The Ultimate Guide to Studying

[caption id="attachment_814" align="alignleft" width="208" caption="Some Owl Dude doing Intense Studying"]Owl Dude Studying[/caption]

"I can't study.
"Studying is so hard!"
"When I'm studying, I fall asleep."
"How to study?"
"Google: Things to do when you are bored."
"Facebook prevents me from studying."
A question I am asked frequently is this: How do you make good grades? The answer is, essentially, to pay attention, study, and work hard. This answer is not sufficient for most people -- including me. In learning information, I have compiled a list of some very good ways to recall information.

1. Quizlet

Quizlet is a little tool that lets you make flashcards and play games with them. But that's not all -- it boasts a very universal API which allows people to make their own inerfaces for Quizlet. With my iPhone, I am able to access my flashcards anywhere. A great app is called iReview Flashcards -- it's free, easy to use, and while glitchy, I can take my flashcards anywhere I want.

But when using this, there is a specific way of studying that will allow you to retain the information better.

  1. Use short definitions/terms. Remembering two ten-word phrases and associating them with different definitions is much easier than one twenty-word phrase.
  2. Play the games. The test/learn mode isn't very visual and won't let you retain the information as easily as a more graphical method where you are timed and must race to get the answer.
  3. Be competitive. In trying to beat the others' scores, you are more likely to remember the correct answers.
  4. Say the terms out loud as you type them. The more ways you retain the information, the more ways your brain makes links between term and definition.

2. The Associative Method

A few months ago, back when I thought school was too hard, I found a really good answer on Yahoo! Answers on study techniques. The answer was written by a psychology student. Here it is:

Find a location that you know well, your house perhaps. Grab a pen and notepad and walk through it making note of large objects that you will remember the location of. Then make another list of all the things you want to remember.
Now say that first thing on your first list is a grandfather clock and the first thing on your second list is that pigs like mud. Make a mental image of the grandfather clock covered with mud and with a pig dancing in front of it. Make sure it's a way out there mental image that you will remember. Do this for every piece of information on your list. When you need to recall the info image you're walking through your house. You see the grandfather clock and all of a sudden you have the mental image pop back into your head of the muddy, dancing pig. Voila, information recalled.
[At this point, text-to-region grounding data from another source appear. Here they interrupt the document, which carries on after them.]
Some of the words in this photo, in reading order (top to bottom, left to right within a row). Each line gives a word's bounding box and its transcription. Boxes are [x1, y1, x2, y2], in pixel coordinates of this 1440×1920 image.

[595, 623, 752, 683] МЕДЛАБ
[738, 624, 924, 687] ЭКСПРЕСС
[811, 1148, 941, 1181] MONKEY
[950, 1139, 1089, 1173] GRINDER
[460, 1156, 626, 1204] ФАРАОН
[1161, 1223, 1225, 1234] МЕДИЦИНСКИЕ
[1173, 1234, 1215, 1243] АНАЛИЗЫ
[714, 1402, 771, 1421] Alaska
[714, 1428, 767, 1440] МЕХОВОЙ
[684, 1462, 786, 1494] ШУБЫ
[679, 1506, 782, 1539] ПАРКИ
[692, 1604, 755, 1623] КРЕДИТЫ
Basically, associate objects with concepts. Adding on to this method, you may want to quiz yourself by just walking through your house, looking at your pens, etc. This method, however, is not the best for things like vocabulary quizzes.

3. Sleep-studying

Record yourself going through your notes in the most exciting way possible. (with emotion!) Right when you are about to sleep, put some headphones on and lay in your bed, listening to your notes to go to sleep. Most likely, you will get through your notes once or twice. Make sure you were concentrating on the notes only, not how your day was etc. Whilst sleeping, your brain will store the information learned right before it easily. Furthermore, frequently the thoughts you have before sleeping become your dream. With this method, I've had dreams about meeting Greek philosophers, talking to a smart guy who knew a lot of words, being a soldier in Rome, etc. Before you sleep, use your imagination to create some sort of story in your mind that you will immerse in as you fall asleep. This method takes a lot of practice, but it works for even the hardest of tests.

4. Pay attention in class

Listen actively, taking as many notes and highlighting as much as possible. This way you retain the information more easily and can associate the experience of learning with your information as you try to remember an answer.

5. Take a nap if you feel tired!

Despite what they say -- do your homework before you nap -- that is not exactly the best idea. Napping does not store information as well as a full rest does. For me, it's better to take a 5-hour nap and stay up until 12 studying than it is to study, nap, eat dinner, then play a video game or watch TV before sleeping. Remember, what you learn before you sleep is what you remember the next day.

Also, make sure you study everything before sleeping. You know how you practice piano one day and can't figure it out, then the next day, you're a virtuoso? Similar concept.

6. Take mental breaks

Studying for extended periods of time can be stressful and will cause you to become bored. Taking a mental break from studying by going off to play a video game, watching TV, etc. will actually be beneficial. Just make sure you keep your train of thought in your memory. When you are studying, study and ONLY study.

7. Take notes.

Not just any old notes... but Google Docs notes! First, your thumbs don't hurt (unless you are a horrible typer), second you can study with other people aided with Skype, and third, you can save and print these documents. You can turn these into audio with a Kindle or something, etc. Google Docs has always worked for me.

Retype your written notes and digitize them! Be your own Project Gutenberg!

If you follow these 7 steps...

I guarantee, studying will be much more productive!

Any questions, adulations, concerns, burnt offerings?